An exact reproduction of the entries is needed. Keep all pictures out of it.

## [SUPPLIED MATERIAL]
■ ■ ■ ■

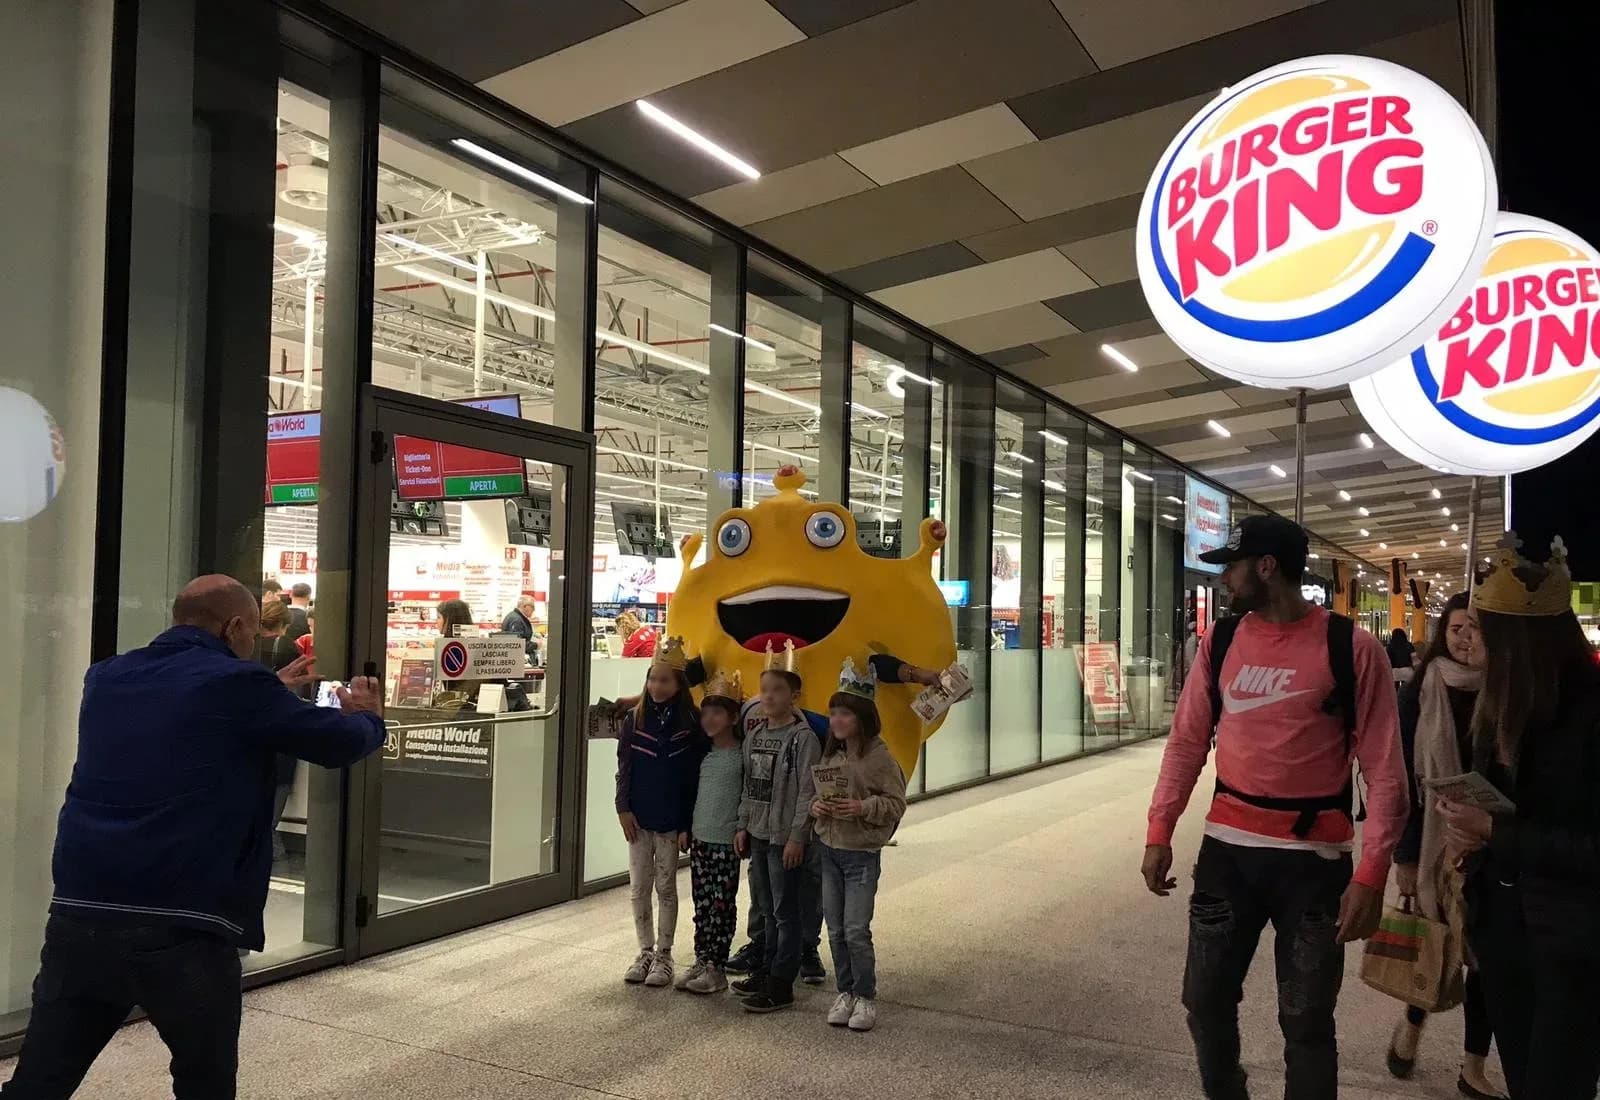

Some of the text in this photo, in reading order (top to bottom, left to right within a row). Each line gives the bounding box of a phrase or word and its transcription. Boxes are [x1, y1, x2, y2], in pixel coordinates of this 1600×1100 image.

[1168, 96, 1413, 229] BURGER
[1176, 138, 1424, 299] KING
[1438, 268, 1600, 341] BURGE
[1441, 308, 1600, 399] KIN
[281, 418, 305, 431] World
[292, 487, 315, 498] APERTA
[469, 480, 497, 491] APERTA
[494, 642, 522, 650] SICUREZZA
[1230, 664, 1297, 697] NIKE
[444, 727, 481, 744] World
[405, 740, 437, 752] Consegna
[438, 744, 443, 752] e
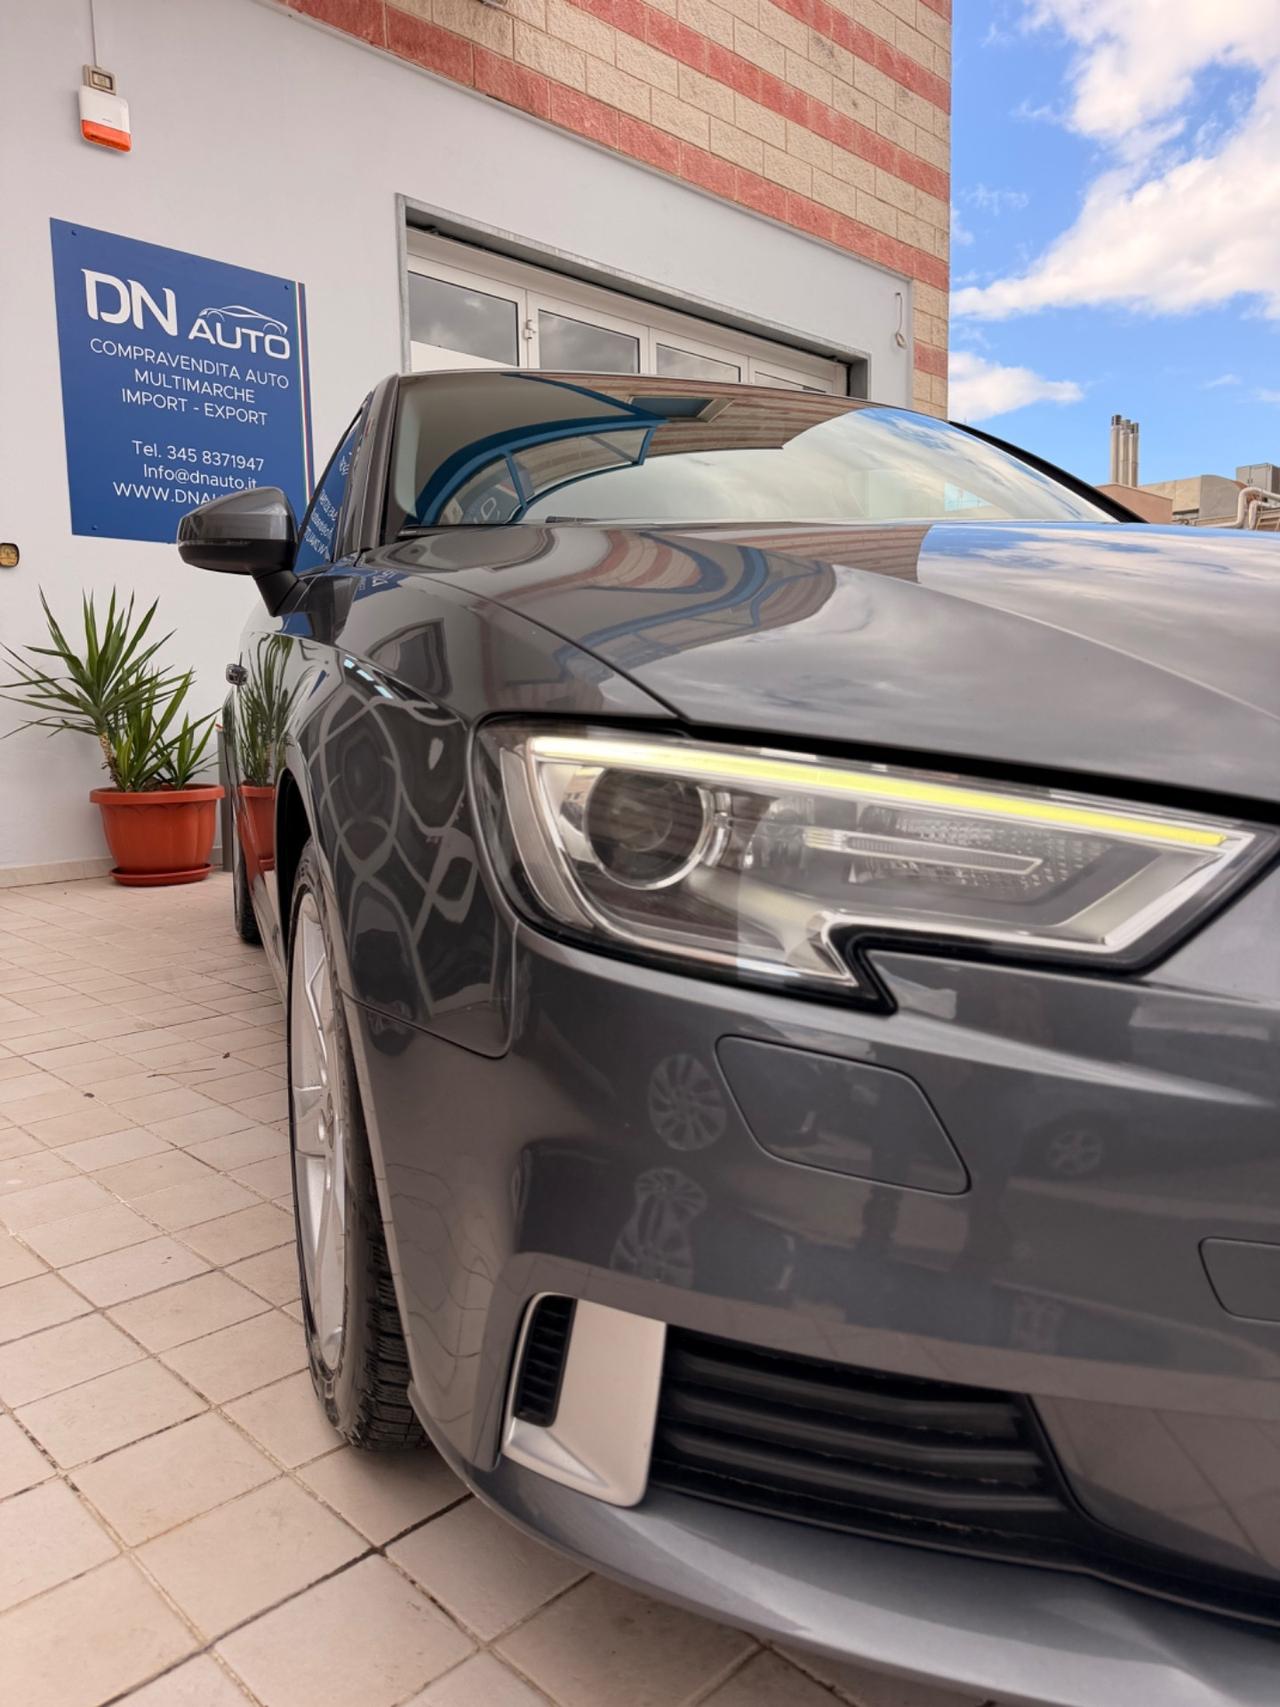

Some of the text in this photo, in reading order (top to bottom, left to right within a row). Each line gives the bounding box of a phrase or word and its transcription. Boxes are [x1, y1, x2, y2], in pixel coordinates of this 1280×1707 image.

[81, 268, 291, 361] DN AUTO
[90, 337, 289, 389] COMPRAVENDITA AUTO
[134, 368, 256, 403] MULTIMARCHE
[121, 388, 188, 412] IMPORT
[204, 402, 268, 426] EXPORT
[132, 439, 265, 472] Tel. 345 8371947
[112, 481, 218, 505] WWW.DNA
[143, 463, 257, 490] Info@dnauto.it

■ ■ ■ ■

## [ANSWER BELOW]
Some of the text in this photo, in reading order (top to bottom, left to right within a row). Each line gives the bounding box of a phrase or word and its transcription. Boxes are [x1, y1, x2, y2], in pixel coordinates of this 1600×1100 image.

[1168, 96, 1413, 229] BURGER
[1176, 138, 1424, 299] KING
[1438, 268, 1600, 341] BURGE
[1441, 308, 1600, 399] KIN
[281, 418, 305, 431] World
[292, 487, 315, 498] APERTA
[469, 480, 497, 491] APERTA
[494, 642, 522, 650] SICUREZZA
[1230, 664, 1297, 697] NIKE
[444, 727, 481, 744] World
[405, 740, 437, 752] Consegna
[438, 744, 443, 752] e

Some of the text in this photo, in reading order (top to bottom, left to right within a row). Each line gives the bounding box of a phrase or word and its transcription. Boxes are [x1, y1, x2, y2], in pixel coordinates of this 1280×1707 image.

[81, 268, 291, 361] DN AUTO
[90, 337, 289, 389] COMPRAVENDITA AUTO
[134, 368, 256, 403] MULTIMARCHE
[121, 388, 188, 412] IMPORT
[204, 402, 268, 426] EXPORT
[132, 439, 265, 472] Tel. 345 8371947
[112, 481, 218, 505] WWW.DNA
[143, 463, 257, 490] Info@dnauto.it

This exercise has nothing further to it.